In questo contesto di crisi finanziaria, la politica europea dovrebbe rivestire il medesimo ruolo che l’Ostpolitik ebbe nella Germania divisa degli anni Settanta: una politica di riavvicinamento al di là delle frontiere. Perché l’integrazione economica di paesi debitori quali la Grecia e il Portogallo crea così tante ondate di polemiche, quando i miliardi investiti per la riunificazione delle due Germanie filarono lisci come l’olio? Qui non si tratta soltanto di pagare per le stoviglie rotte, ma di ripensare al futuro dell’Europa e al suo posto nel mondo.

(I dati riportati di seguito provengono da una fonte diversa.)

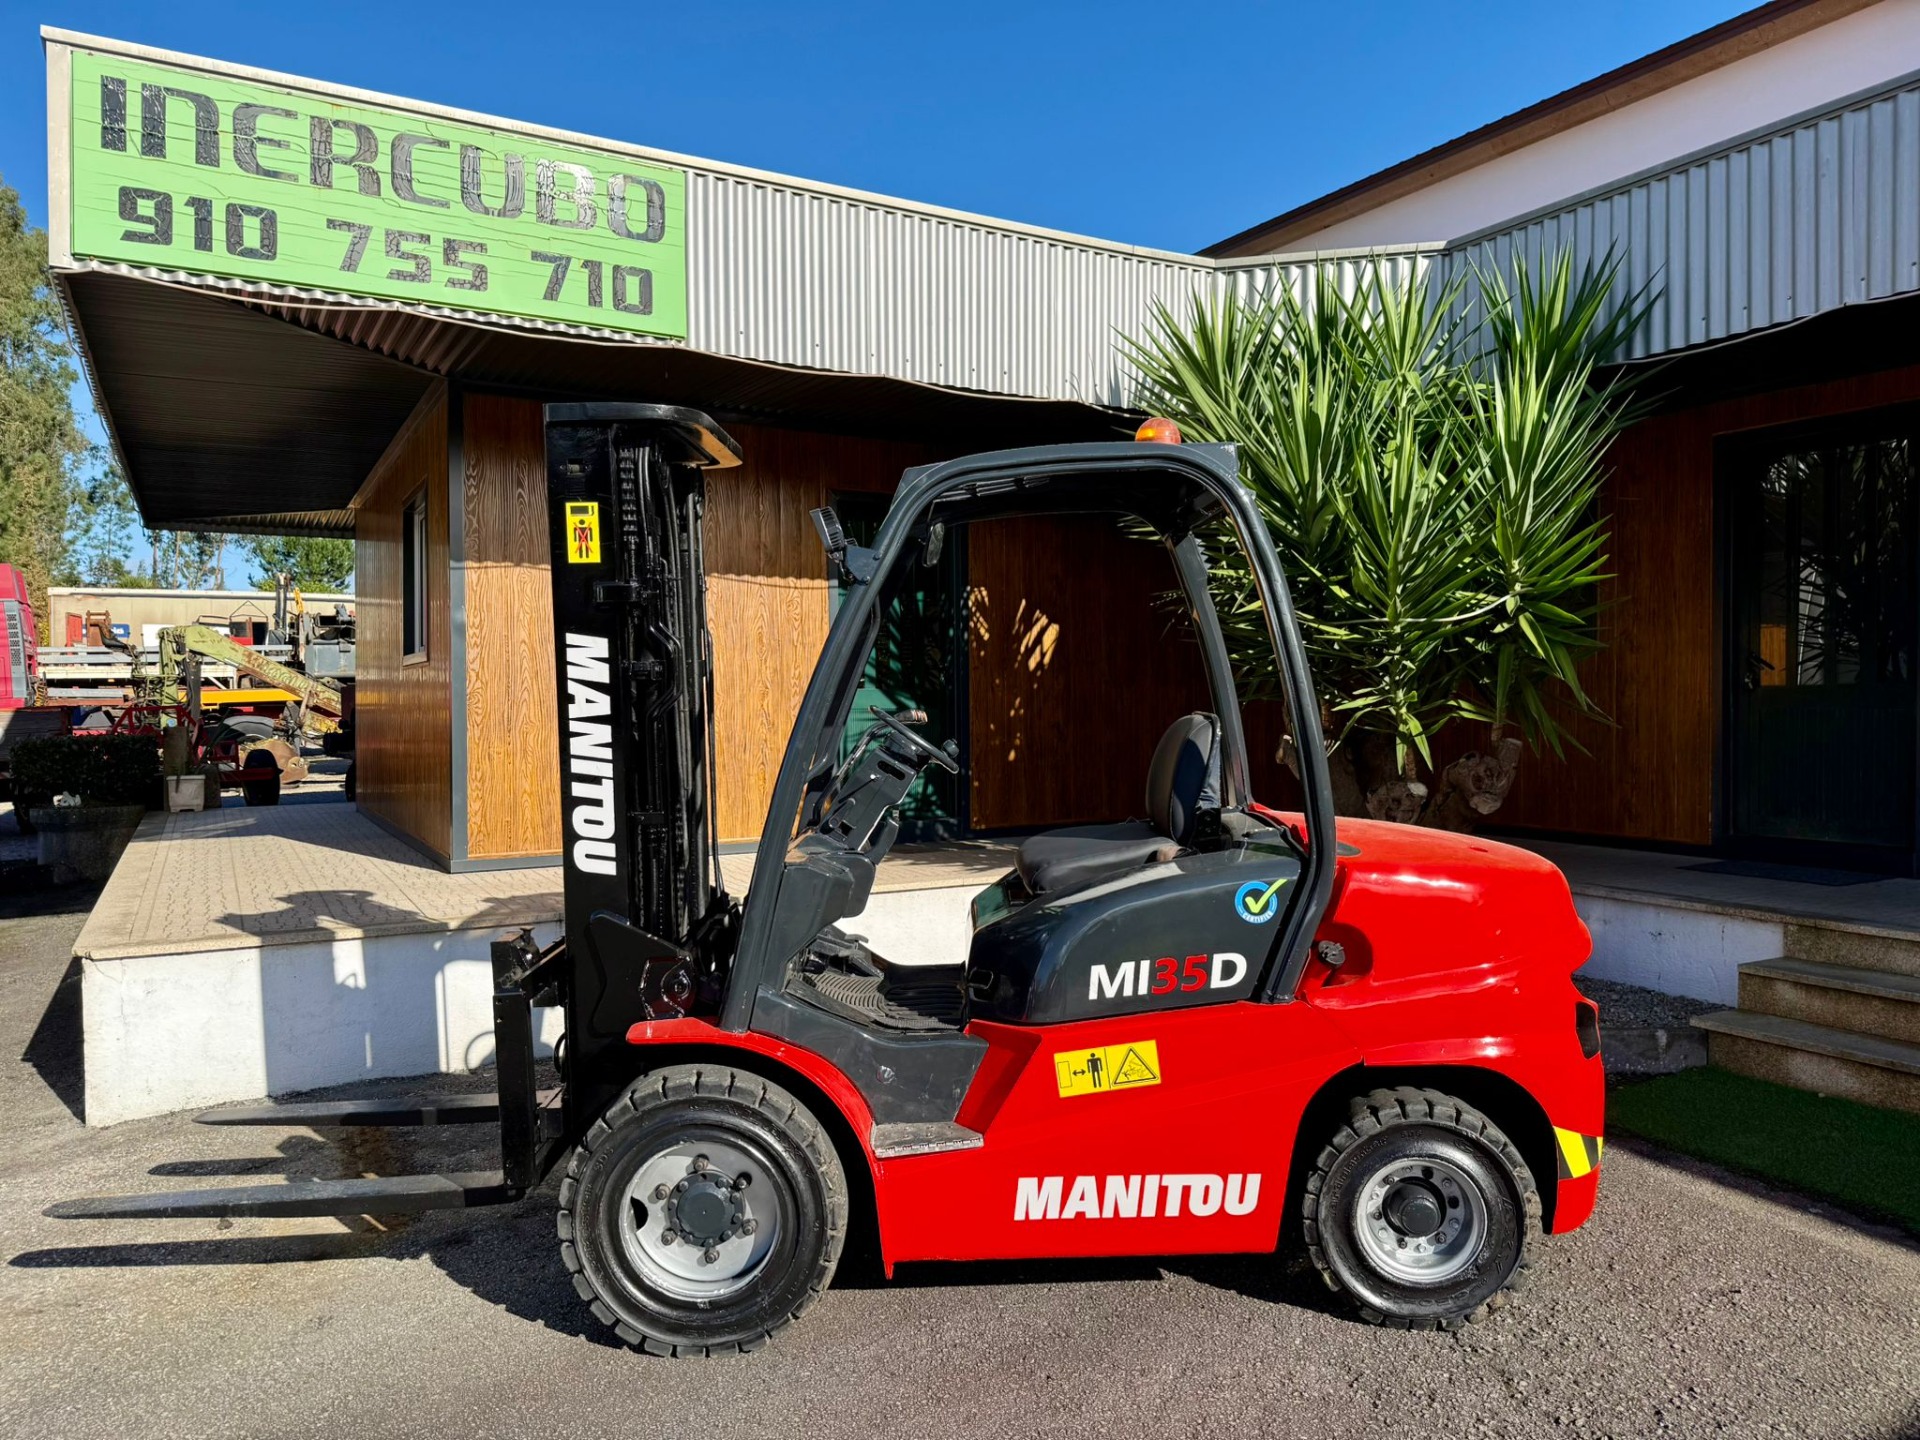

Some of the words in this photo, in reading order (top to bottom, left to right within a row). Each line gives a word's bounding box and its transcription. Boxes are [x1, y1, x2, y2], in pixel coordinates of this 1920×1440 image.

La creazione degli eurobond non tradirebbe gli interessi della Germania. Perché l’Europa non dovrebbe introdurre una tassa sulla transazioni finanziarie che non farebbe male a nessuno, tanto meno alle banche, e che al contrario farebbe del bene a tutti i paesi membri offrendo per di più un margine di manovra finanziaria all’Europa sociale ed ecologica, garantendo al contempo ai lavoratori la sicurezza in tutta Europa e rispondendo alle grandi aspettative dei giovani europei?
Nel frattempo, il minuetto di Merkel potrebbe gettare le premesse di un futuro progetto politico che abbini i socialdemocratici e i Verdi. Quando l’Spd e i Verdi riusciranno a trasmettere l’idea che un’Europa sociale non si riduce a un introverso spirito mercantile, ma si basa – secondo la tesi hegeliana – su una necessità storica, l’Spd tornerà ai successi elettorali. A patto, tuttavia, che abbia il coraggio di fare dell’Europa la propria priorità, come accadde con l’Ostpolitik una quarantina di anni fa.
(traduzione di Anna Bissanti).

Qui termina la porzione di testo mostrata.